Sirawan Phiphiphatphaisit and Olarik Surinta

Olarik Surinta
MISL
3 min readMay 20, 2020

--

Abstract

The real-world food image is a challenging problem for food image classification, because food images can be captured from different perspective and patterns. Also, many objects can appear in the image, not just foods. To recognize food images, in this paper, we propose a modified MobileNet architecture that is applies the global average pooling layers to avoid overfitting the food images, batch normalization, rectified linear unit, dropout layers, and the last layer is softmax. The state-of-the-art and the proposed MobileNet architectures are trained according to the fine-tuned model. The experimental results show that the proposed version of the MobileNet architecture achieves significantly higher accuracies than the original MobileNet architecture. The proposed MobileNet architecture significantly outperforms other architectures when the data augmentation techniques are combined.
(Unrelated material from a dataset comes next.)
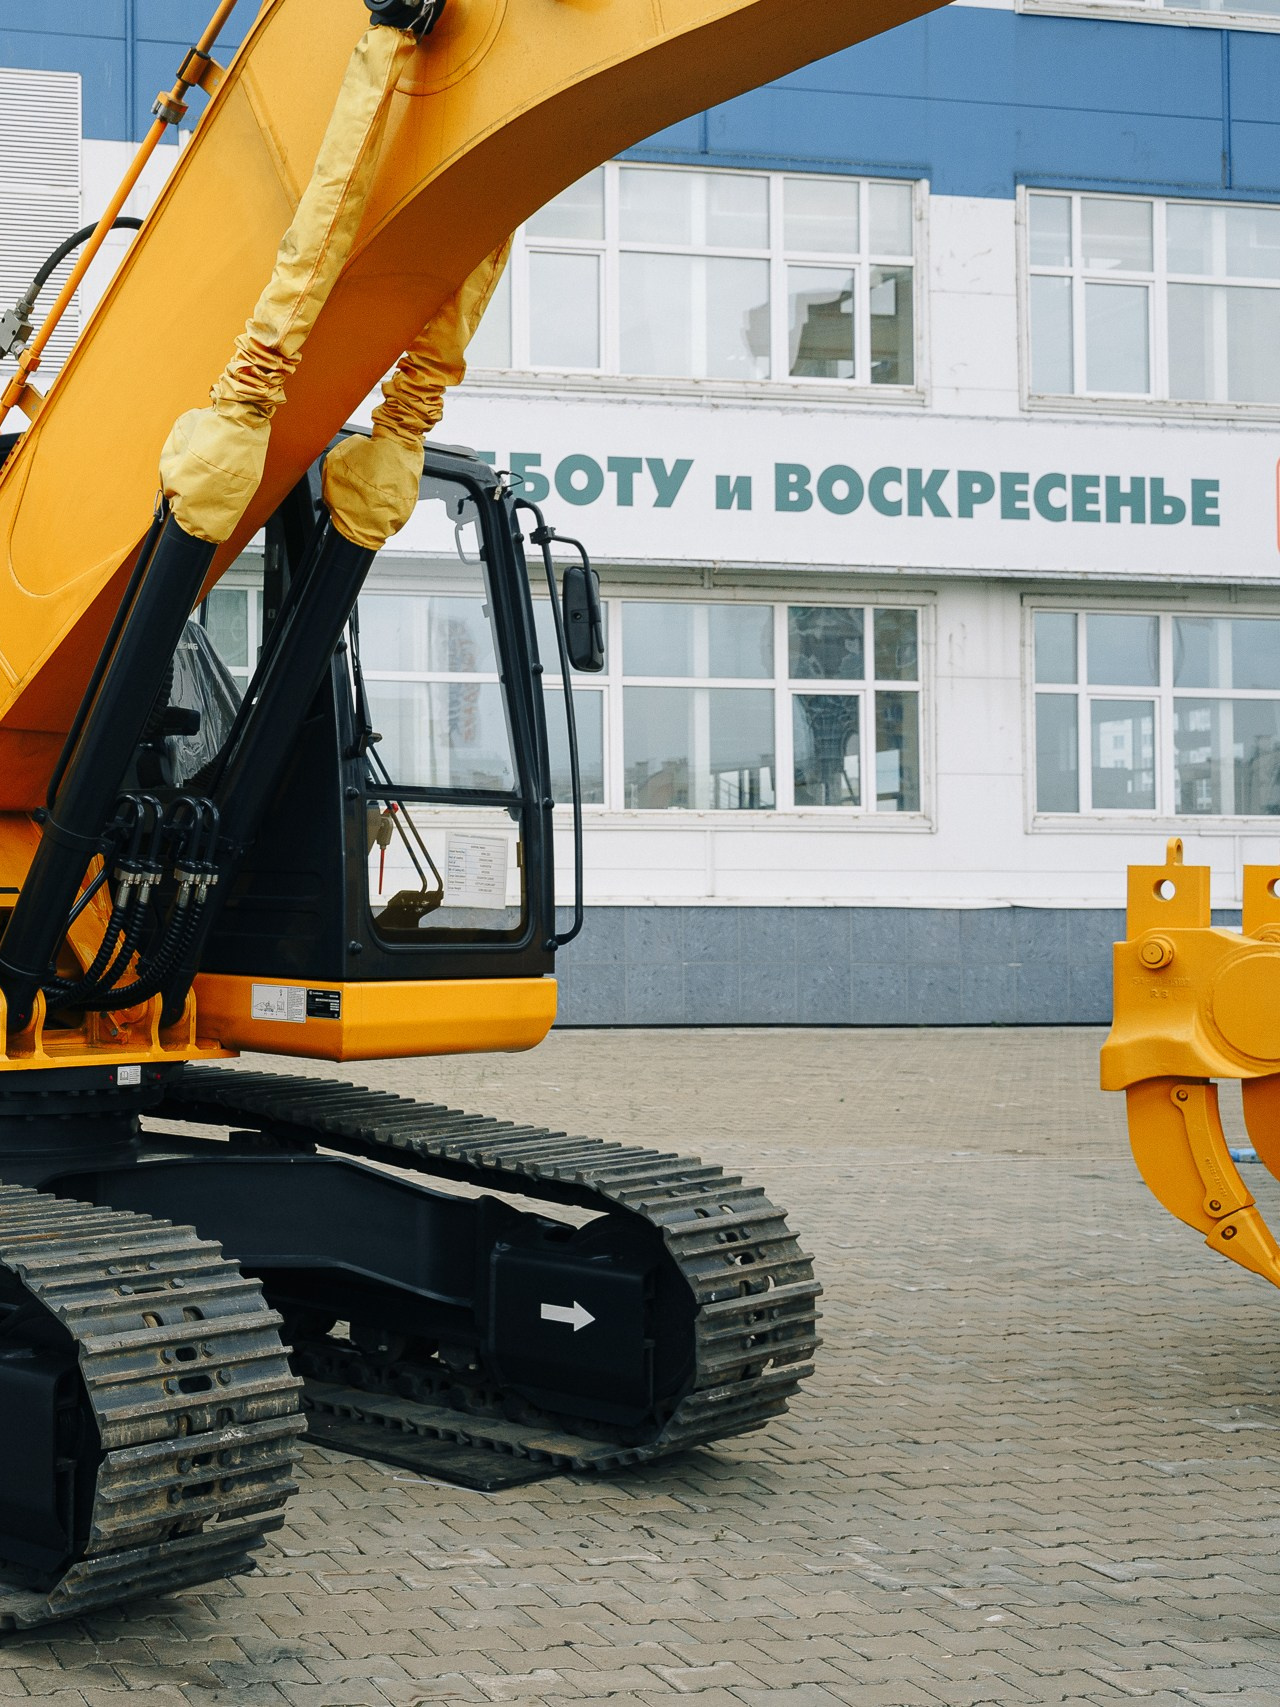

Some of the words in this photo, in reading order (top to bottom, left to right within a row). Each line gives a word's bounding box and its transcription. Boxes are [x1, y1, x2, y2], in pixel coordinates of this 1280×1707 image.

Keywords — Food Image classification; Convolutional Neural Network; MobileNet Architecture; Data Augmentation.

Read articlehttps://dl.acm.org/doi/abs/10.1145/3388176.3388179

Conclusion

In this paper, we used the state-of-the-art MobileNet architecture on the food image dataset. We also described a MobileNet architecture, which was designed to address the overfitting problem. In this proposed MobileNet architecture, the number of parameters is decreased by applying the global average pooling (GAP) layers. Moreover, the batch normalization (BN), rectified linear unit (ReLU), and dropout layers are combined. Also, the last layer is the softmax. In addition, the data augmentation techniques are computed before transferring to the training process.

From the experimental results, to the best of our knowledge, we trained the MobileNet architecture according to the fine-tuned model. The proposed MobileNet architecture is competitive when compared to the original MobileNet architecture on the ETH food- 101 dataset. We also demonstrated the impact of the data augmentation techniques; rotation, shift, flip, shear, zoom, and crop when implemented before assigning to the proposed MobileNet architecture to process. The best performance achieved when the combination of the various data augmentation techniques and the proposed MobileNet architecture.

In future work, we plan to construct the deep ensemble convolutional neural network (CNN) architectures, which are a combination of the state-of-the-art deep CNN architectures. We are interested in extracting the feature vector from the convolutional layers which may work better than individual deep CNN architecture.

--

--